Kemarin, saya mengajak guru-guru di yayasan yang saya asuh untuk merundingkan itu. Tetapi bukannya saya didengar, guru-guru yang rata-rata orang kampung yang sederhana itu malah menertawakan saya. Mereka bilang begini: “lha Bapak, itu kan yang sudah kami lakukan dari dulu”.

Apakah buat anak-anak cukup jelas? “Iya pak, itu justru yang membuat anak-anak kita lebih cerdas, lebih assertive, lebih respek pada alam dan sesamanya. Lebih artikulatif,” lanjut mereka.

Saya pun tertegun. Pagi ini sebelum menulis, saya pun melakukan observasi di kelas PAUD-TK kutilang yang diasuh istri saya. Mata saya bersinar-sinar.  Saya  tertegun bagaimana anak seorang tukang siomay keliling bisa menjelaskan biji-bijian dengan detail. Seorang anak tukang ojek langganan anak saya bisa membangun gedung tinggi dari balok-balok yang tersedia dengan menjelaskan cara berpikir yang indah. Logika keaksaraan yang menjadi modal bagi ilmu matematika mereka kuasai dengan baik.  Kata istri saya anak-anak diajak “recalling”, bernegosiasi dengan kelompoknya, menahan amarah, membaca realita, dan menggungkapkan bahasa-bahasa positif.
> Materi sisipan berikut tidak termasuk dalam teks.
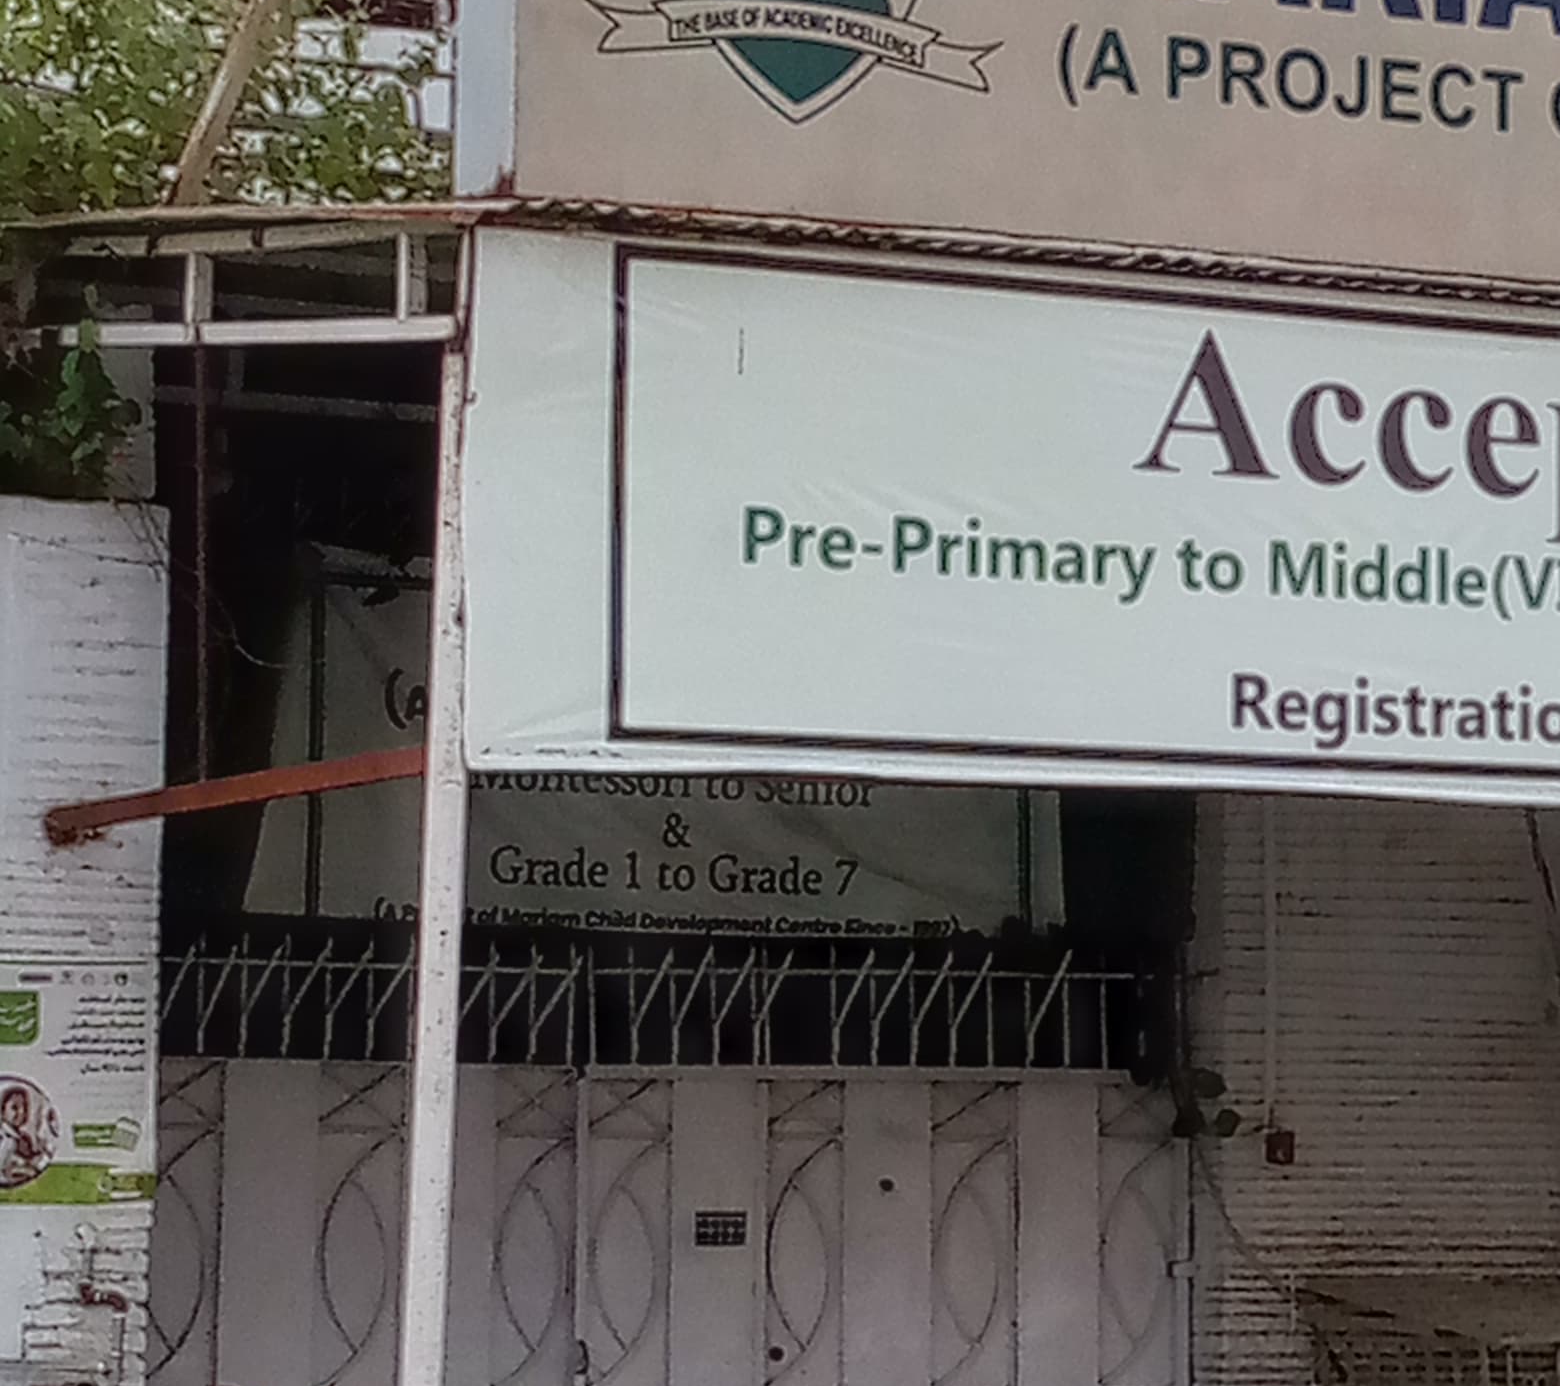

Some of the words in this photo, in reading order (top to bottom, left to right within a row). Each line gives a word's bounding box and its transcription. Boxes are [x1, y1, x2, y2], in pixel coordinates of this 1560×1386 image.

[674, 13, 701, 37] THE
[704, 7, 742, 32] BASE
[1059, 24, 1138, 106] (A
[1167, 36, 1523, 132] PROJECT
[744, 506, 1155, 603] Pre-Primary
[1177, 540, 1242, 591] to
[661, 812, 692, 849] &
[490, 844, 609, 888] Grade
[624, 850, 641, 890] 1
[658, 862, 696, 892] to
[708, 853, 823, 896] Grade
[835, 859, 859, 897] 7
Apakah ini namanya semua? “Ini metode. Isinya sama, tetapi metodenya berbeda.”

Apakah diperlukan guru-guru yang S2 atau S3? “Tidak pak, kami juga bisa, ini malah lebih simple,” ujar guru-guru itu. Istri saya tersenyum.  Di belakang mereka, dialah mentor bagi guru-guru itu.

Sekolah-Sekolah Tua Bermasalah

Hari-hari ini saya hanya mendengar keluhan demi keluhan tentang kurikulum baru. Tetapi harus kita akui, niat baik mendiknas itu memang belum menghasilkan karya seperti yang diinginkan. Orang-orang yang terlibat dalam diskusi internal bersama kementrian banyak bercerita di sosial media betapa amburadulnya kesimpulan-kesimpulan yang ditarik. Dan itu sudah cukup bagi sebagian orang untuk menilai layak atau tidaknya sebuah kurikulum.
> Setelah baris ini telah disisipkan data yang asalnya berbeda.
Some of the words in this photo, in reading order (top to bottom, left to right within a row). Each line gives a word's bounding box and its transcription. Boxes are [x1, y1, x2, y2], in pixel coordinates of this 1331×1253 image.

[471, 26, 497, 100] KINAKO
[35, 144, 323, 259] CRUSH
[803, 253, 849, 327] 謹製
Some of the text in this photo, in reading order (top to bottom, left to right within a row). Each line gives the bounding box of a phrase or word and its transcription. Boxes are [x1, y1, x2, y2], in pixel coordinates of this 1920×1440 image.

Entah apa yang terjadi di sana, sepertinya banyak gagasan-gagasan hebat yang terputus atau sulit diterjemahkan. Berbagai pihak yang menguliti kurikulum itu menceritakan segala masalah dan kejanggalan-kejanggalan.  Ya, seperti itulah masalah bangsa kita ini. Kita semua dibentuk dalam sistem pendidikan yang tidak artikulatif, tidak mampu menterjemahkan isi pikiran kita kedalam tulisan-tulisan yang menyatukan gagasan-gagasan hebat. Apa yang tertulis, menurut hemat saya lebih mencerminkan rata-rata kemampuan kita berekspresi. Jadinya serba kacau dan lebih mudah dikritik dari pada dipasarkan.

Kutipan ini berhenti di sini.